*Try it*:
Set the data down again, exactly as it reads, but without the pictures.

(Text-to-region grounding data)
###

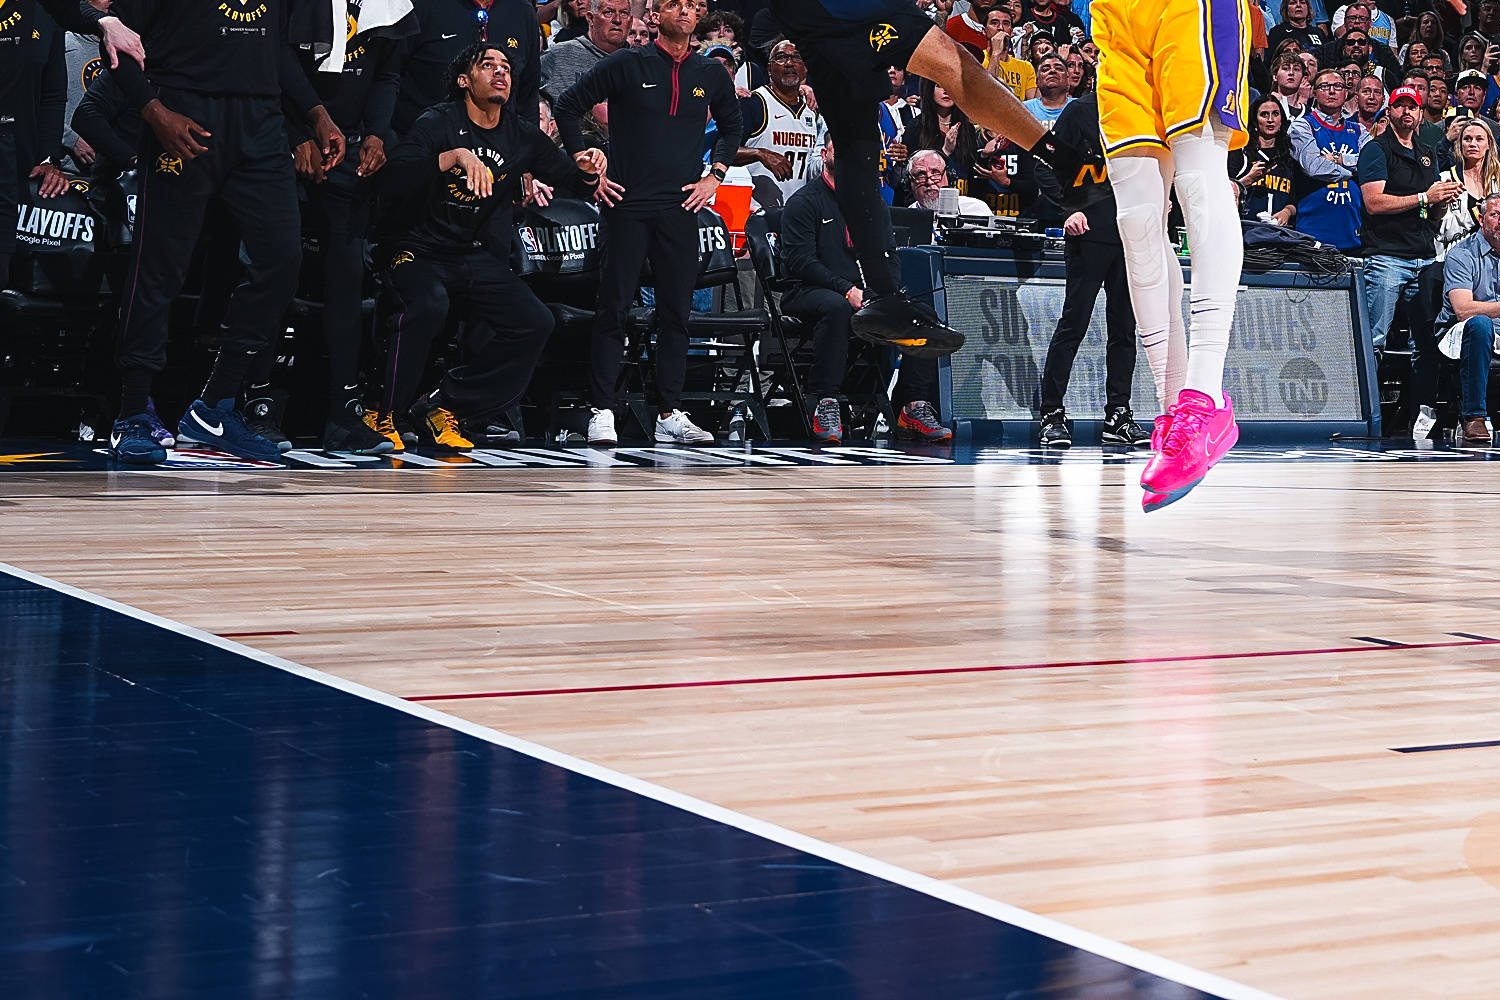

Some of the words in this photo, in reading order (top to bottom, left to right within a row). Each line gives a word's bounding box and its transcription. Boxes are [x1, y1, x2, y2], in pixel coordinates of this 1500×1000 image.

[218, 2, 269, 23] PLAYOFFS
[1308, 34, 1323, 46] 15
[773, 131, 817, 147] NUGGETS
[1326, 190, 1353, 204] CITY
[16, 204, 95, 243] LAYOFFS
[42, 237, 62, 247] Pixel
[536, 223, 600, 254] PLAYOFF

###

*Response box*:
Some of the words in this photo, in reading order (top to bottom, left to right within a row). Each line gives a word's bounding box and its transcription. Boxes are [x1, y1, x2, y2], in pixel coordinates of this 1500×1000 image.

[218, 2, 269, 23] PLAYOFFS
[1308, 34, 1323, 46] 15
[773, 131, 817, 147] NUGGETS
[1326, 190, 1353, 204] CITY
[16, 204, 95, 243] LAYOFFS
[42, 237, 62, 247] Pixel
[536, 223, 600, 254] PLAYOFF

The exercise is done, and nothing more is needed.